Ongoing work: The story doesn’t cease right here! In reality, the excellence between pretraining and wonderful tuning continues to be fairly obscure. At what level does the LLM begin really studying new information as a substitute of simply studying model/alignment? Many current publications are persevering with to check this query:
- Finetuning vs. RAG [6]: authors discover that continued pretraining is just not tremendous efficient at information injection, whereas RAG is definitely extremely efficient at specializing an LLM to a brand new information base.
- LIMIT [7]: authors from MosiacML/Databricks present that we will carry out finetuning over a small combination of instruction tuning and alignment-focused knowledge, resulting in a mannequin that performs properly in each NLP benchmarks and style-focused evaluations.
- TULU [8]: authors topic finetuned LLMs to broader evaluations, discovering that the standard of the bottom mannequin has an enormous influence on efficiency and that nobody finetuning dataset/technique yields one of the best outcomes throughout all benchmarks.
- TULU-2 [9]: authors present that finetuning LLMs over particular datasets results in the mannequin studying particular expertise and domains of knowledge. Finetuning works properly if we ensure the finetuning dataset is extremely related to the model/area of analysis we’re utilizing.
- AlpaGasus [10]: authors straight examine how a lot finetuning knowledge is critical for an LLM to carry out properly on numerous downstream duties.
Bibliography:
[1] Wei, Jason, et al. “Finetuned language fashions are zero-shot learners.” arXiv preprint arXiv:2109.01652 (2021).

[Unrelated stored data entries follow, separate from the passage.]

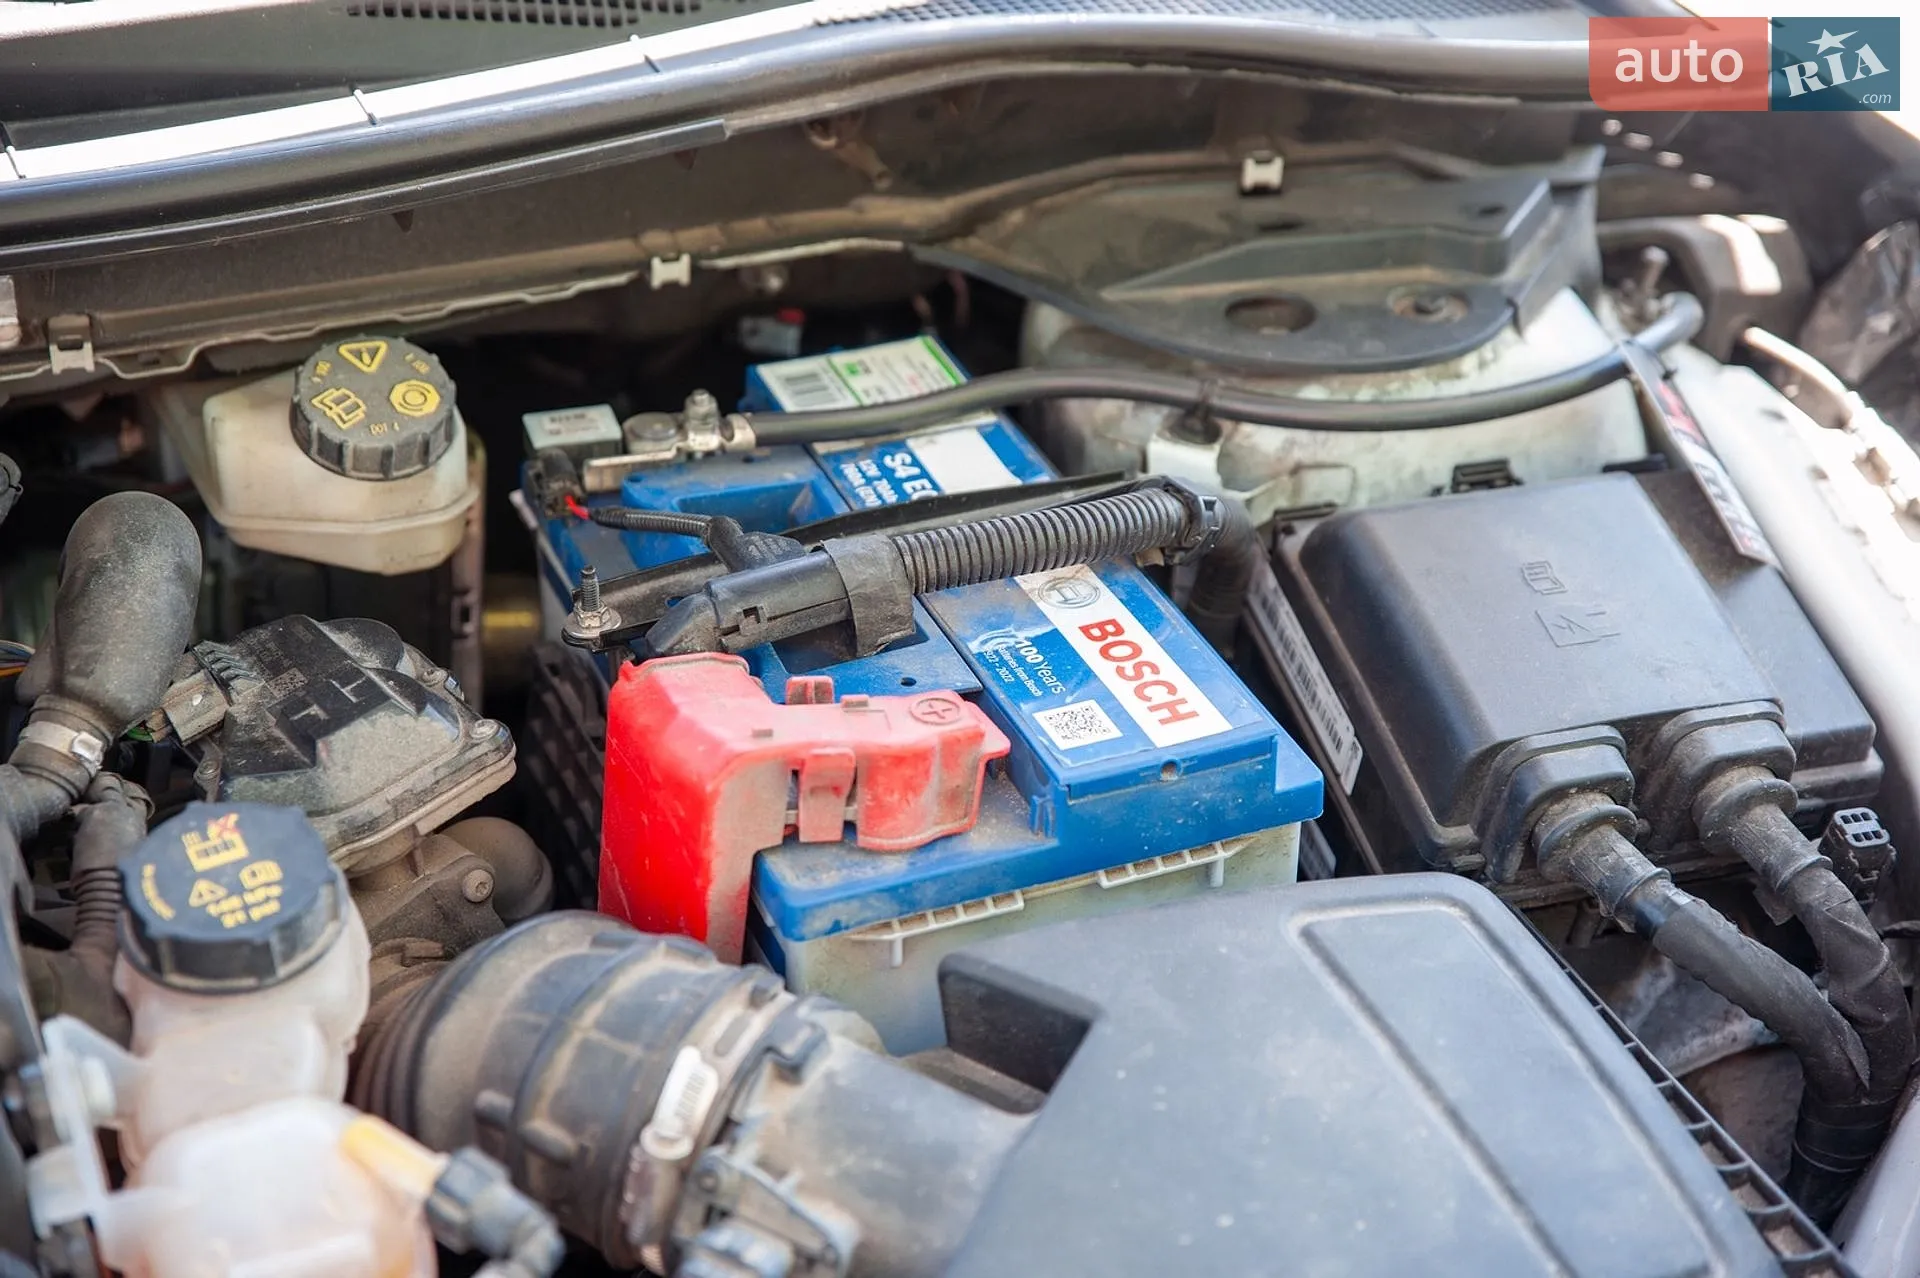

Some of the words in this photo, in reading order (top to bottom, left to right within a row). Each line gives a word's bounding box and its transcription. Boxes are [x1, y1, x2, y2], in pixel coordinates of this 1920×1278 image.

[883, 452, 921, 479] S4
[996, 667, 1015, 683] 2022
[997, 644, 1019, 669] atteries
[1024, 679, 1044, 697] Bosch
[1014, 638, 1044, 664] 100
[1034, 661, 1066, 694] Years
[1078, 618, 1200, 725] BOSCH

[2] Touvron, Hugo, et al. “Llama: Open and environment friendly basis language fashions.” arXiv preprint arXiv:2302.13971 (2023).

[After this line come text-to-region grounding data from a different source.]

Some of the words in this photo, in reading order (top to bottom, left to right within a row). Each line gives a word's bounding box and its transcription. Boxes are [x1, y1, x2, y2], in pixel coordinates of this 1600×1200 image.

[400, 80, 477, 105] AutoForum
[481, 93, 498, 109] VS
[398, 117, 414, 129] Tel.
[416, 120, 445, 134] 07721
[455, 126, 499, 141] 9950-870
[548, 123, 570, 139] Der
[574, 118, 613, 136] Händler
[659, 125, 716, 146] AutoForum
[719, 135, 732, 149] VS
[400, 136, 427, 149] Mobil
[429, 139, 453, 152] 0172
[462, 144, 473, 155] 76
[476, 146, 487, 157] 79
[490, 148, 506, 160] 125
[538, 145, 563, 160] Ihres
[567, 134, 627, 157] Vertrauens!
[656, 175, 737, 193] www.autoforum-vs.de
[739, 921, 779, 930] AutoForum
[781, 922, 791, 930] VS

[3] Touvron, Hugo, et al. “Llama 2: Open basis and fine-tuned chat fashions.” arXiv preprint arXiv:2307.09288 (2023).
[4] Zhou, Chunting, et al. “Lima: Much less is extra for alignment.” Advances in Neural Info Processing Programs 36 (2024).

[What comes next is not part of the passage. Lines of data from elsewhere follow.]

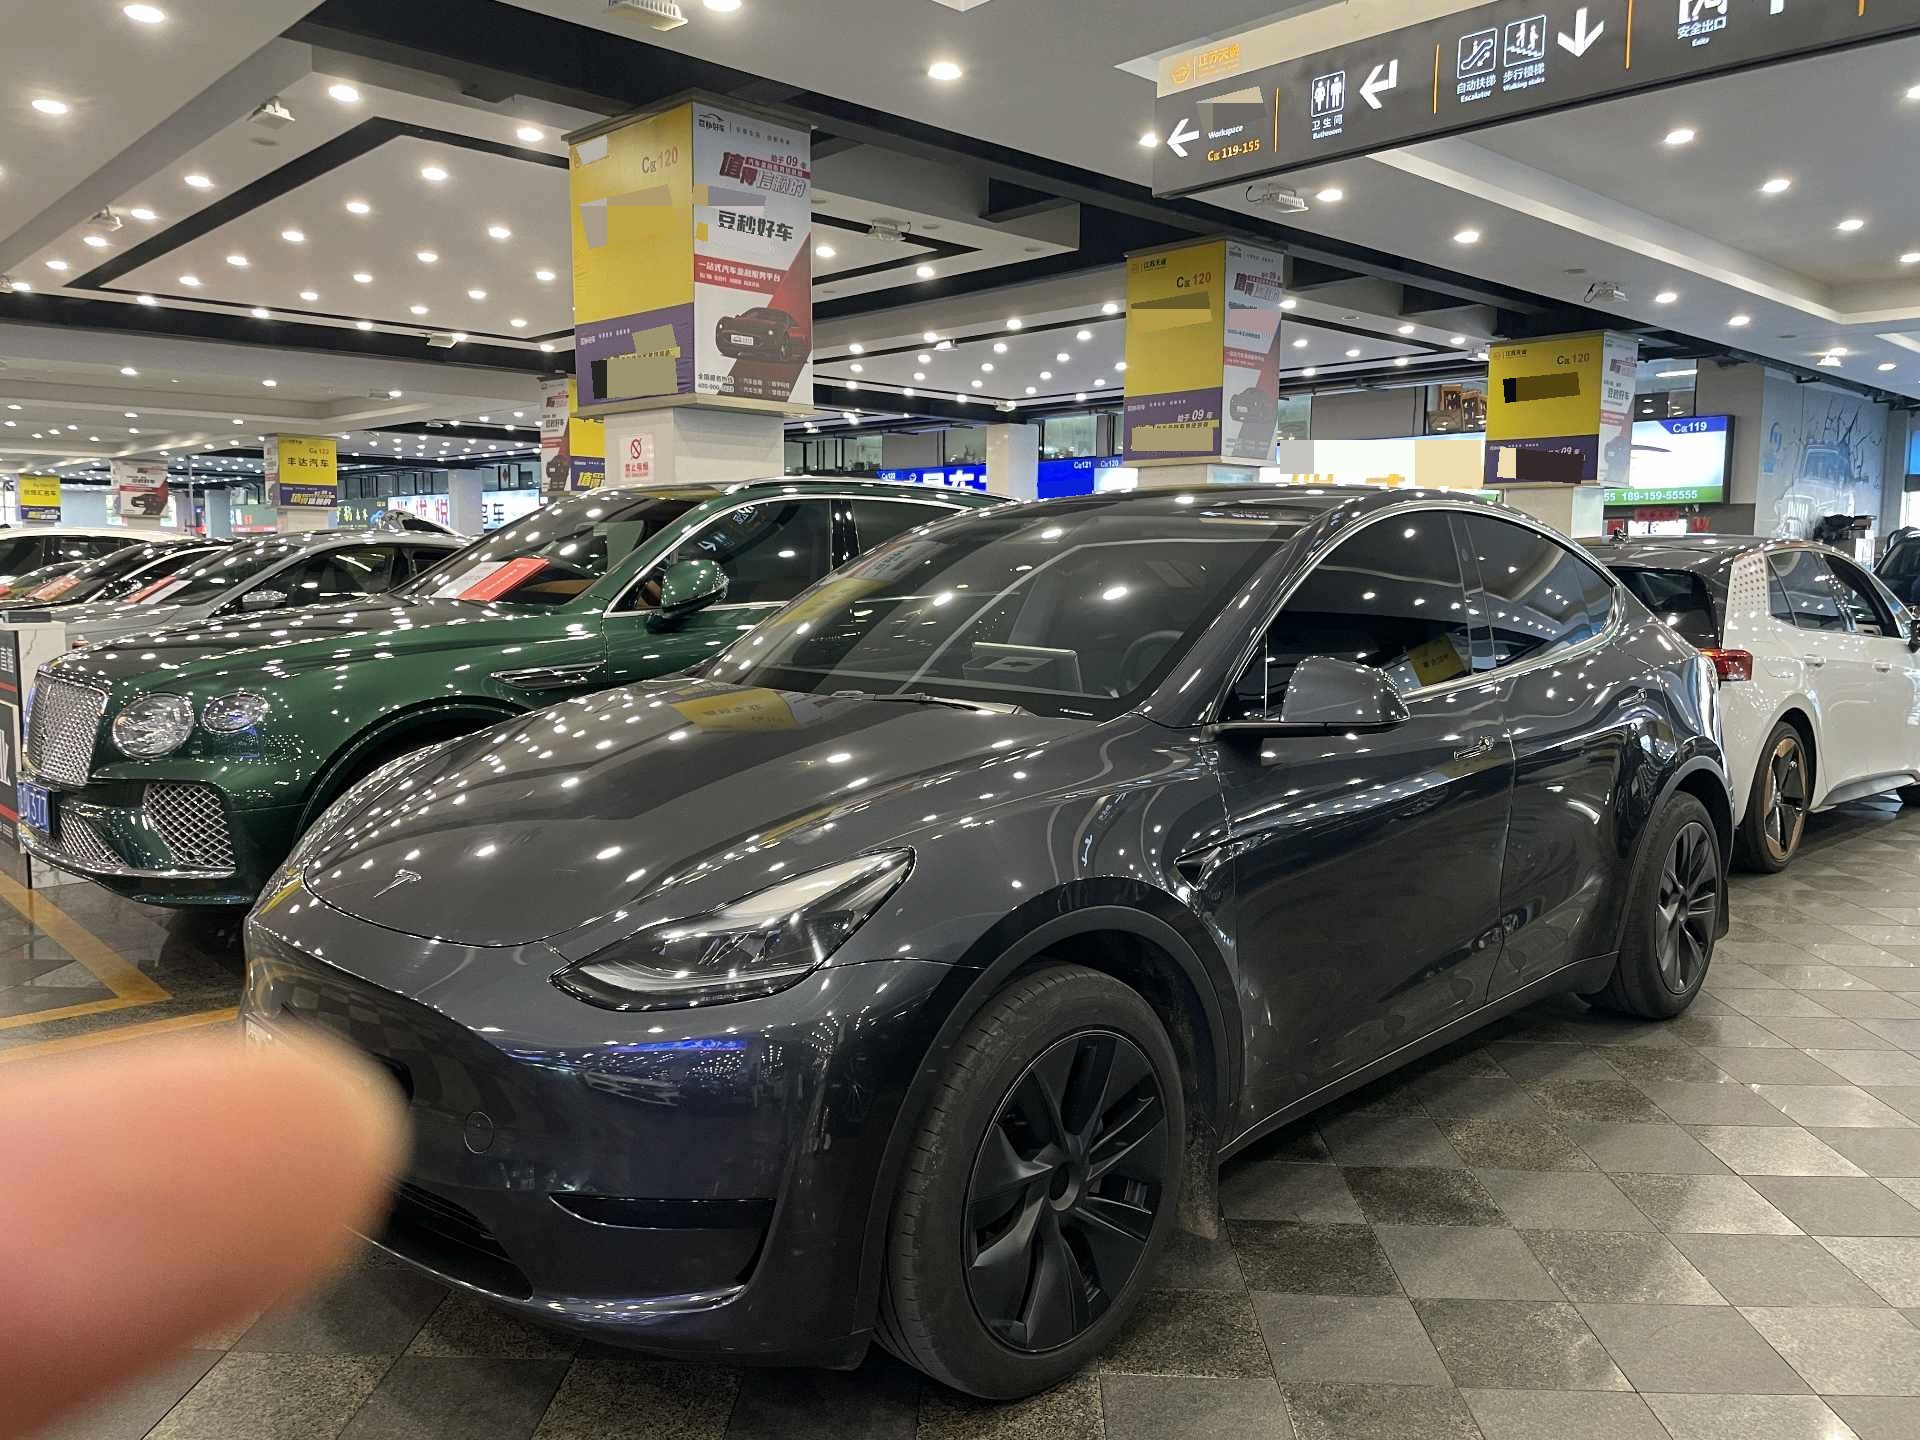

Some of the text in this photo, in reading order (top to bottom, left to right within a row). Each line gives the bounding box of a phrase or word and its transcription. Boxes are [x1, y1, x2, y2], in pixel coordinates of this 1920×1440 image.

[1677, 15, 1727, 40] 安全出口
[1456, 73, 1497, 95] 自动扶梯
[1502, 62, 1545, 84] 步行楼梯
[1460, 89, 1492, 103] Escalator
[1208, 124, 1244, 140] Workspace
[1311, 114, 1343, 132] 卫生间
[718, 209, 794, 242] 豆秒好车

[5] Gudibande, Arnav, et al. “The false promise of imitating proprietary llms.” arXiv preprint arXiv:2305.15717 (2023).
[6] Ovadia, Oded, et al. “Superb-tuning or retrieval? evaluating information injection in llms.” arXiv preprint arXiv:2312.05934 (2023).
[7] Jha, Aditi, et al. “LIMIT: Much less Is Extra for Instruction Tuning Throughout Analysis Paradigms.” arXiv preprint arXiv:2311.13133 (2023).
[8] Wang, Yizhong, et al. “How far can camels go? exploring the state of instruction tuning on open sources.” Advances in Neural Info Processing Programs 36 (2024).
[9] Ivison, Hamish, et al. “Camels in a altering local weather: Enhancing lm adaptation with tulu 2.” arXiv preprint arXiv:2311.10702 (2023).
[10] Chen, Lichang, et al. “Alpagasus: Coaching a greater alpaca with fewer knowledge.” arXiv preprint arXiv:2307.08701 (2023).